Die Arzneimittelkommission der deutschen Ärzteschaft (AkdÄ) sieht solche Angebote kritisch. In einer Stellungnahme schreibt sie, es existiere schon lange „ein gesetzlich etabliertes und wirksames System, um Nebenwirkungen zu erfassen und Maßnahmen zur Risikominderung einzuleiten.“ Die Verarbeitung von sensiblen medizinischen Daten einzelner Patienten im Zusammenhang mit der Arzneimittelsicherheit durch ein gewinnorientiertes Unternehmen werde abgelehnt. „Während die Aktivitäten pharmazeutischer Unternehmen in der Arzneimittelsicherheit z.

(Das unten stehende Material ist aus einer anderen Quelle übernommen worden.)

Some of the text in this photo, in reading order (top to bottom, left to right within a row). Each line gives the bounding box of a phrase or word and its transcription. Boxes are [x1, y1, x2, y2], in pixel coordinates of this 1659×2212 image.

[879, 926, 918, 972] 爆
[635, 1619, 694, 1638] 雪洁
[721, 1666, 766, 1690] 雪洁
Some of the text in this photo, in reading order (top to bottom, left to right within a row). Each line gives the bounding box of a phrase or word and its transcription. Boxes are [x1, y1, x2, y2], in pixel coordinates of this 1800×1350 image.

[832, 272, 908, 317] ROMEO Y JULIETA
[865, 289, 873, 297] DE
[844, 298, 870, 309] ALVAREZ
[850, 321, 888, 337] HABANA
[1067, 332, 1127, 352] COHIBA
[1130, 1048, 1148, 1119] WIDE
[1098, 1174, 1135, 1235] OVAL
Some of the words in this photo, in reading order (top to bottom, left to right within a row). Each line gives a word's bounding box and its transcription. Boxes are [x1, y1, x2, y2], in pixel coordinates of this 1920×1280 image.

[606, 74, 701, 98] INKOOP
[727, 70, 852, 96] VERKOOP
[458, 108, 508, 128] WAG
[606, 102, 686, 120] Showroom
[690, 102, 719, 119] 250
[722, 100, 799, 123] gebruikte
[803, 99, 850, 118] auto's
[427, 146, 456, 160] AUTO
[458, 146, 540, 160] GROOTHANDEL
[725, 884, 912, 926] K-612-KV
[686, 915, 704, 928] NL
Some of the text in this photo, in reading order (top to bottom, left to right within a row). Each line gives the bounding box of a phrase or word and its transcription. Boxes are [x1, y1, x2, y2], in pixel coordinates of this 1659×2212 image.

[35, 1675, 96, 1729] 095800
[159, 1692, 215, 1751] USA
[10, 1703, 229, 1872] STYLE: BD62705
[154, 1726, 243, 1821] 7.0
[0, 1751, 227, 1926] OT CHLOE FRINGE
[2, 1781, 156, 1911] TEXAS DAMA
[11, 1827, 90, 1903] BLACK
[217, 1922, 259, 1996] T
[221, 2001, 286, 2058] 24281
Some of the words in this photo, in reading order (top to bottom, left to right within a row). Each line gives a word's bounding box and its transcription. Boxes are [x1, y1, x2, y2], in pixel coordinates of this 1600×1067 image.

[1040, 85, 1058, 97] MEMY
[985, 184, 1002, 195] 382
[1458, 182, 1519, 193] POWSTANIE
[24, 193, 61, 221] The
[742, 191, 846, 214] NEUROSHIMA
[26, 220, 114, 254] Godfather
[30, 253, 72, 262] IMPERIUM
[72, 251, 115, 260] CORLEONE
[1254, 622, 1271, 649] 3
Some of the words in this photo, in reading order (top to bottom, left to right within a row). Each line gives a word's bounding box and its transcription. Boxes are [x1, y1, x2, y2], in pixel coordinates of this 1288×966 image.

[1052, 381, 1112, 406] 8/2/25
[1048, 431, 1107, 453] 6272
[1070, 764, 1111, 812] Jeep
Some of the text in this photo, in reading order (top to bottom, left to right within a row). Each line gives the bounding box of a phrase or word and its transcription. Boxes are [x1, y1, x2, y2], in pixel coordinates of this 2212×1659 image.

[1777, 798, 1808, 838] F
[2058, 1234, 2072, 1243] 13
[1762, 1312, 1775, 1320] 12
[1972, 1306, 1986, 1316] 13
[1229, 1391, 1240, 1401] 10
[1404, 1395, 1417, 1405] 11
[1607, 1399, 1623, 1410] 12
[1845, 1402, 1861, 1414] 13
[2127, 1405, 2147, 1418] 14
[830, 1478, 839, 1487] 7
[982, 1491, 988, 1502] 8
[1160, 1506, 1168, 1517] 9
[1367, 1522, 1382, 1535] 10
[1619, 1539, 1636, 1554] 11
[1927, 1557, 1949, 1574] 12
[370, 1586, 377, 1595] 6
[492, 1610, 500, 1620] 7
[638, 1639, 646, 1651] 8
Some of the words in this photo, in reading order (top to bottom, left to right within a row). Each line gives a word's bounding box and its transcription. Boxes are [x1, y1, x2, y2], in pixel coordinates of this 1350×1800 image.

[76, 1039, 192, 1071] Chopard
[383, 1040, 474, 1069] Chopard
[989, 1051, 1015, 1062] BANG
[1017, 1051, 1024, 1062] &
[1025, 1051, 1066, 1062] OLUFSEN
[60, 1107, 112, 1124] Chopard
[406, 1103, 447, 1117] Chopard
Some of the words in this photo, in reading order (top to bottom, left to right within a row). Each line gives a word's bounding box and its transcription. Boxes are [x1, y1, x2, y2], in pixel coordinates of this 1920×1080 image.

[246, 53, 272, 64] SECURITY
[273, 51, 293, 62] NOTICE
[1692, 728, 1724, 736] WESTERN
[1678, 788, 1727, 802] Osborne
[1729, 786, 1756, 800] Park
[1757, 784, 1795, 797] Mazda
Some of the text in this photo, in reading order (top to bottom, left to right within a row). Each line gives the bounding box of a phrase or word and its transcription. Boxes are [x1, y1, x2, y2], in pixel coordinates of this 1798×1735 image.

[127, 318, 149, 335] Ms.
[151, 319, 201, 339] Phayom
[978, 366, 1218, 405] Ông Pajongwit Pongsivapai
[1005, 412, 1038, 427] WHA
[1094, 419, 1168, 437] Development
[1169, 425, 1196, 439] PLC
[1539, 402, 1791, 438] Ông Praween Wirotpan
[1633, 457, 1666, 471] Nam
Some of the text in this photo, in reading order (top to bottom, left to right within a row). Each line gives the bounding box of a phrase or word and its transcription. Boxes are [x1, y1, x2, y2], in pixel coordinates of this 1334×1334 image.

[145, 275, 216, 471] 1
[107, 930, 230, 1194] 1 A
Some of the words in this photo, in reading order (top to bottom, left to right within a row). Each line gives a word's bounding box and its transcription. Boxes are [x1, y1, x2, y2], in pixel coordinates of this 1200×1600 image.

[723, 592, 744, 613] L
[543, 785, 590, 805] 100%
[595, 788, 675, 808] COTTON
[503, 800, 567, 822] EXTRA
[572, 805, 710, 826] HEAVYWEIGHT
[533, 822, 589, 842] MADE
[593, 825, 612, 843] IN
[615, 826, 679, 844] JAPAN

B. durch Auditierungen von Behörden überprüft werden, ist eine staatliche Kontrolle für Unternehmen, die Nebenwirkungsmeldungen weitervermitteln, im Arzneimittelgesetz nicht geregelt.“
Unklar bleibe auch, welche zusätzlichen Kosten für die öffentliche Gesundheit entstünden, falls private Unternehmen Nebenwirkungsmeldungen innerhalb des bestehenden Systems weitervermittelten.
Ob das Portal langfristig mehr Erfolg hat als etablierte Wege der Meldung, wird sich zeigen.